Surgical procedures nowadays often use minimally invasive methods like laparoscopy and arthroscopy, with easier recoveries and less pain, and patients are generally encouraged to return to activity much more quickly than in the past. Procedures are often done on an ambulatory outpatient basis, which puts responsibility for pain management on the parents when they take their child home. “Ideally, you want to have your kid in a hospital where they make it a priority to have systems in place,” Dr. Berde said. Parents need clear guidance, and they should know whom they can call with questions and problems.
“Kids benefit from a very individualized tailored approach,” Dr. Berde said, “from being honest with them about when there is discomfort and giving them ways to get through it, ways to feel like there is some mastery.” A child’s pain control should be tailored not only to the particular surgery, he said, but also to past experiences with pain, and even to the individual biology of the child. “There are clear biological differences between people in how much medicine they need and how well it works for them,” he said, and in the near future, it may be possible to predict these differences and tailor individual pain regimens.
Parents should be vigilant that their children are in fact receiving adequate pain management. “Parents assume everything possible is already being done for their child when we know in fact many of the evidence-based solutions for acute or procedural pain many times are not used in practice,” said Christine Chambers, a professor and children’s pain researcher at Dalhousie University in Halifax, Nova Scotia. “Pain skill isn’t given the priority that it deserves.”
Busy clinicians are not always aware, Dr.

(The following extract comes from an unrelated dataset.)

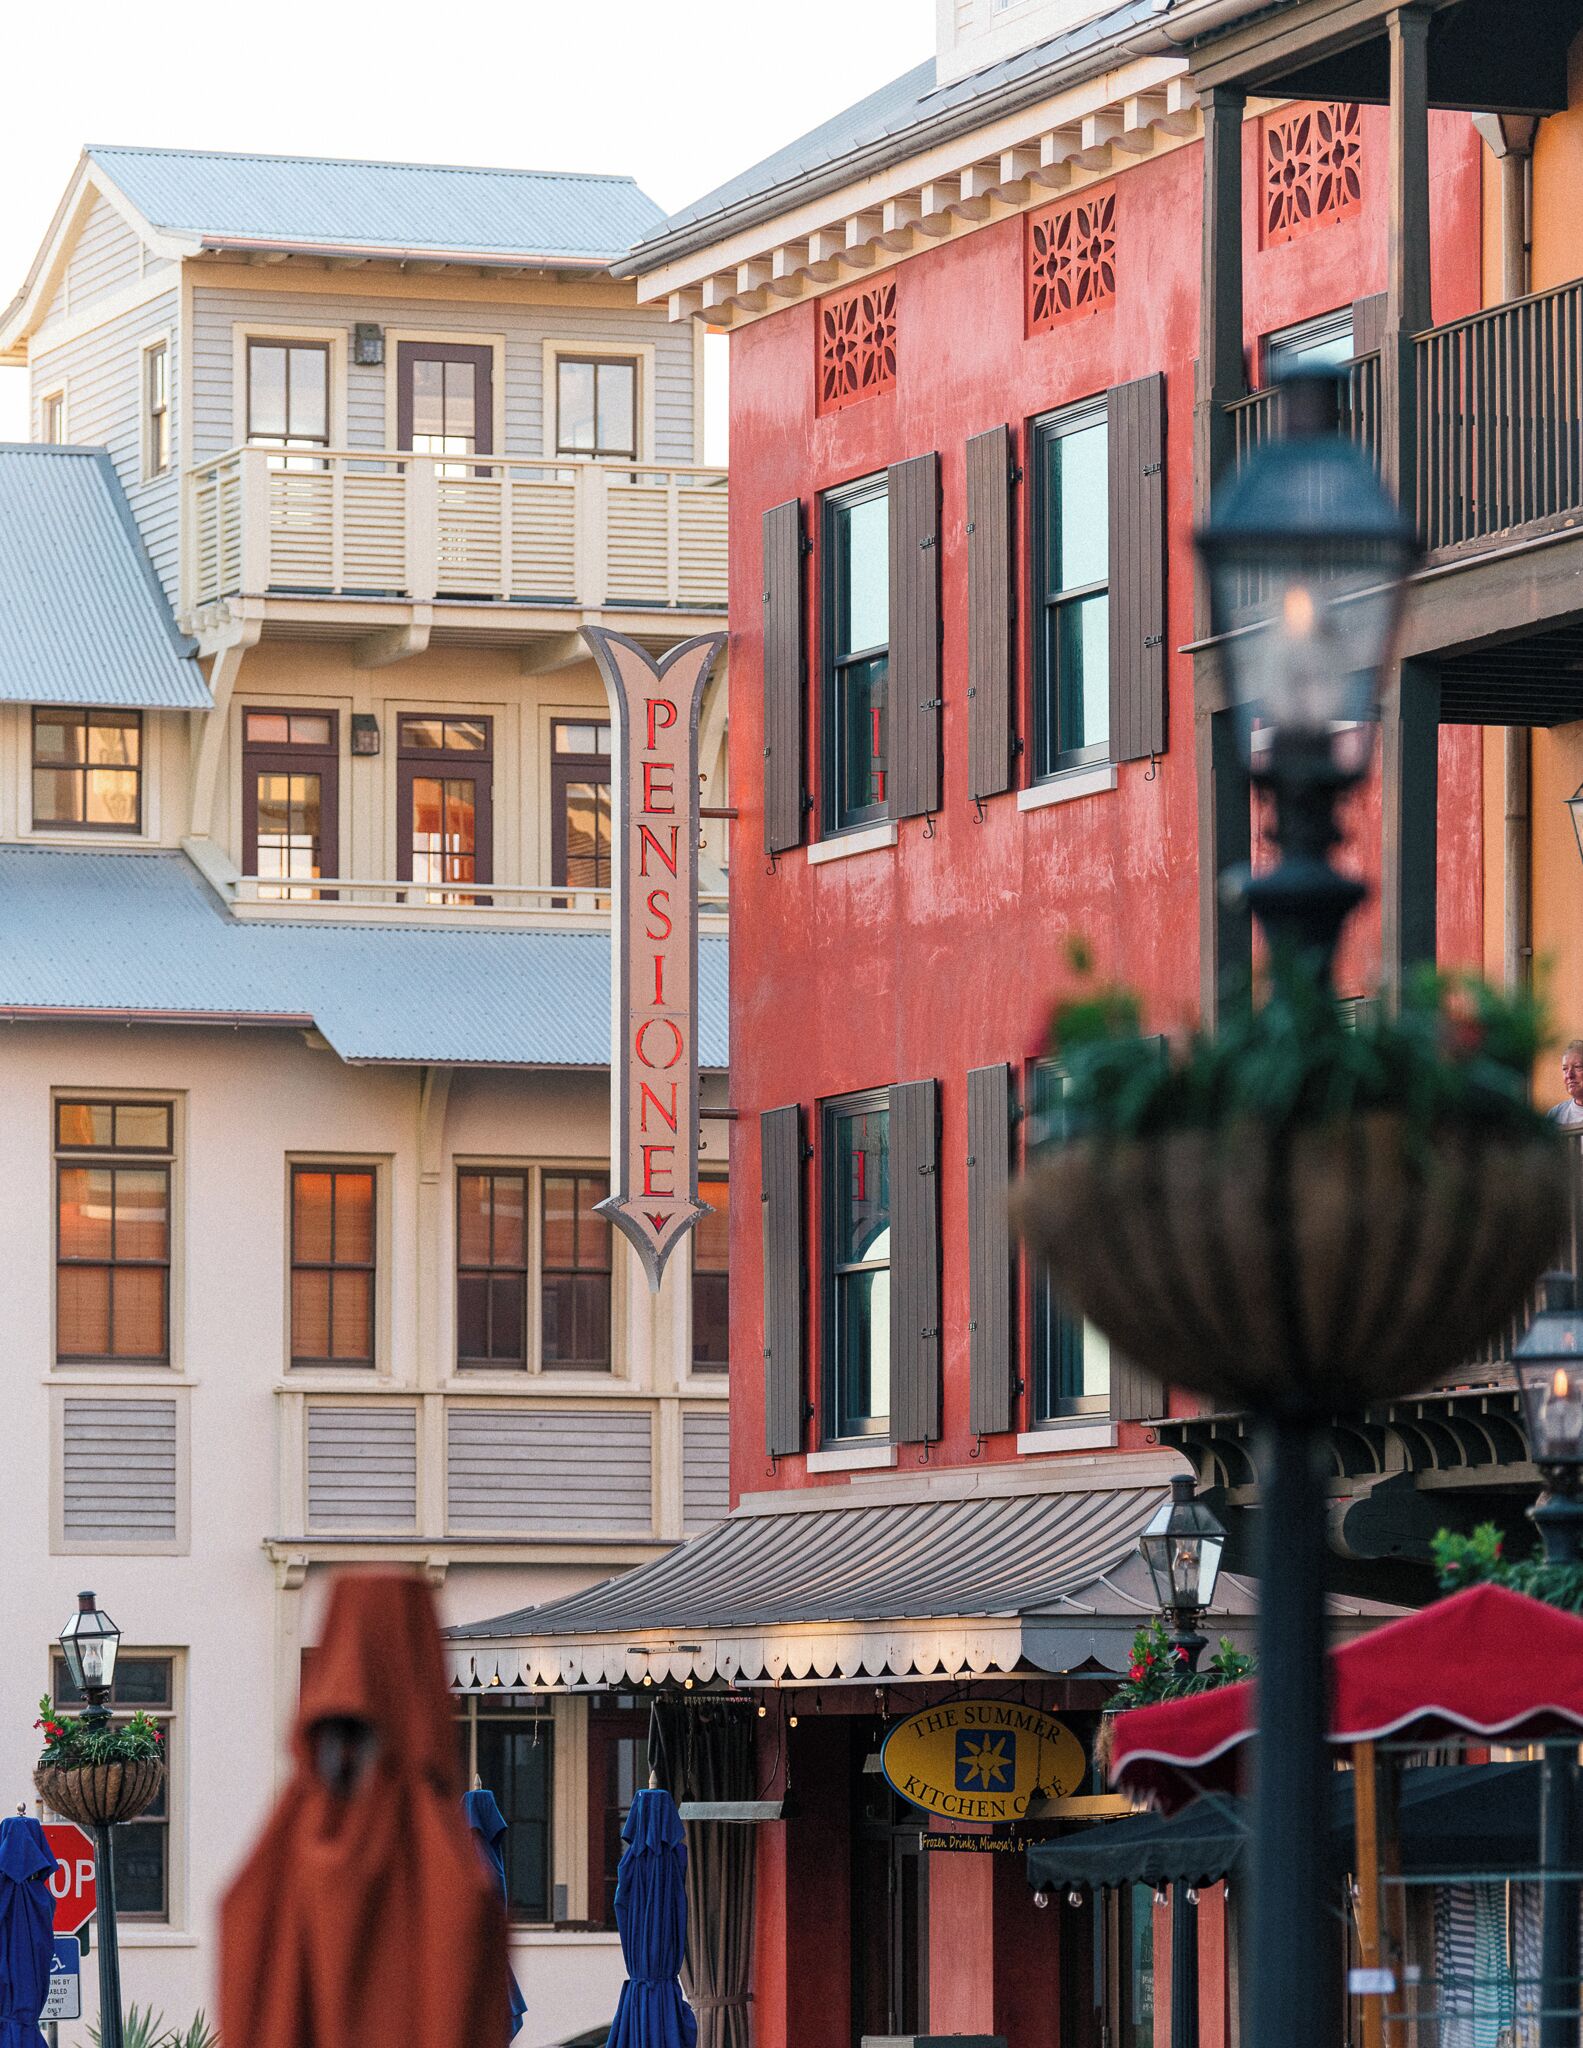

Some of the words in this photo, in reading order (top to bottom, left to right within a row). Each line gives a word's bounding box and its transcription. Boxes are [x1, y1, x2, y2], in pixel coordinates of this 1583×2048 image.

Chambers said, that “the experience of poorly managed pain early in life makes you more vulnerable physiologically and psychologically to pain later on.” In a study of infant circumcision, she said, the babies who did not receive proper analgesia showed more distress later on with vaccination.
Perhaps the biggest impact of parent advocacy involves surgery on premature infants, which was sometimes done without any pain medication only a few decades ago. The landmark story often cited here is the case of Jeffrey Lawson, a premature infant whose mother, Jill Lawson, requested his medical records after his death in 1986, and discovered that he had been paralyzed for heart surgery but given no pain medicine, on the belief that the immature nervous systems of the premature baby did not really feel pain.
The American Pain Society gives an annual Jeffrey Lawson Award for advocacy in children’s pain relief to commemorate his mother’s efforts to bring about better pain control in children, a reminder that it can take more than science to change clinical practice.
This is the first in a series of columns on pain in children.